History of a diabetes breakthrough

    Twenty years ago, U of A scientists transformed Edmonton into the world’s leading light in the quest to cure Type 1 diabetes. Now they’re at it again.

    By Ross Neitz on May 27, 2020

    In the summer of 2000, a global spotlight shone on Edmonton. A small team of University of Alberta researchers had done what until then had been impossible, helping patients with Type 1 diabetes become insulin-independent at an unprecedented success rate of 100 per cent. Termed the “Edmonton Protocol,” the procedure became a ray of hope for those suffering from diabetes worldwide.

    Few understood the setbacks that had been overcome to get to that point. Even fewer could have predicted the lows and highs yet to come. But Ray Rajotte, ’71 BSc, ’73 MSc, ’75 PhD, professor of surgery at the U of A and the founder of its Islet Transplant Group, experienced it all.

    Steering through rough waters to lay a course forward

    The foundations of the Edmonton Protocol were built through the pioneering work Rajotte began in 1972, 28 years before its breakthrough success. A U of A biomedical engineer back then, Rajotte attended a lecture by American researcher Paul Lacey, who had cured diabetic rats by transplanting the islet cells of healthy rats into them. In that moment, Rajotte saw a new path for his work in the isolation and cryopreservation of islet cells, with the hope it might one day have application in humans.

    Over the next several years, Rajotte spent his time in research labs scattered across the United States learning all he could about isolating islets. In 1979, he returned to the U of A to join the departments of surgery and medicine, and began working toward moving his efforts from animal to human islets. He also assembled the team that would make up the initial Islet Transplant Group alongside him: then graduate students and surgical fellows Garth Warnock and Norman Kneteman, and endocrinologist Eddie Ryan.

    Together, the team hypothesized that if donor islets could somehow be isolated, they could be injected into the liver. There, they would become revascularized and perform their duties as usual, away from the besieged pancreas, where a diabetic’s immune system inexplicably attacks healthy islets. With any luck, such a transplant—accompanied by a proper anti-rejection drug regimen—could allow a Type 1 diabetic to be free of insulin injections.

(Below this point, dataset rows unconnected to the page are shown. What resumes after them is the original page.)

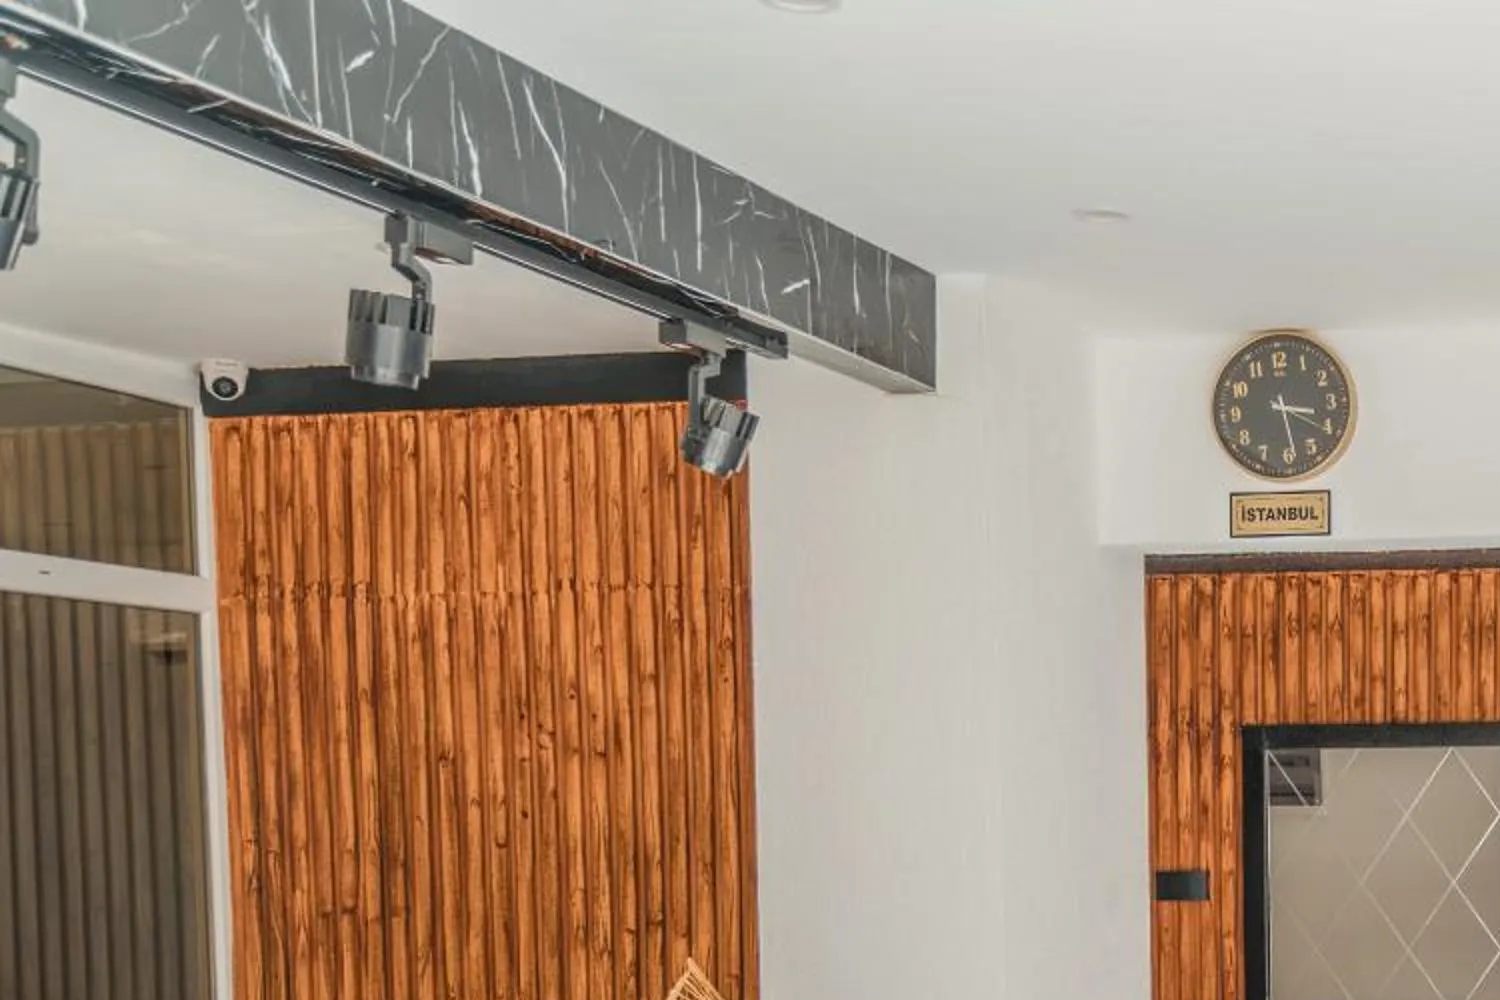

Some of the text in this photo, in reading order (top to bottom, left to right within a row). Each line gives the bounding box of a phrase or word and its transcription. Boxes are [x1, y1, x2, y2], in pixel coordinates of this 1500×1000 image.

[1272, 351, 1287, 368] 12
[1299, 355, 1307, 370] 1
[1250, 361, 1263, 378] 11
[1316, 371, 1328, 387] 2
[1233, 381, 1248, 398] 10
[1326, 394, 1336, 410] 3
[1231, 407, 1241, 423] 9
[1322, 420, 1333, 435] 4
[1239, 430, 1250, 445] 8
[1258, 445, 1268, 461] 7
[1305, 438, 1316, 454] 5
[1283, 450, 1296, 464] 6

    History of a diabetes breakthrough

    Ray Rajotte is founder of the U of A's Islet Transplant Group.
    Photo: Laughing Dog Photography

    By the late 1980s, Rajotte’s team felt it was finally ready for the next step—a clinical trial of human islets. In 1989, the group carried out Canada’s first islet transplant.

    “The first patient we transplanted, his insulin requirement went down, but he didn’t quite get off insulin,” says Rajotte. “The same thing happened in a second patient.”

    For a third patient, the team adjusted their methods, doubling the number of islets being injected and using a mixture of fresh and cryopreserved islet cells. This time, the patient achieved insulin independence for two and a half years.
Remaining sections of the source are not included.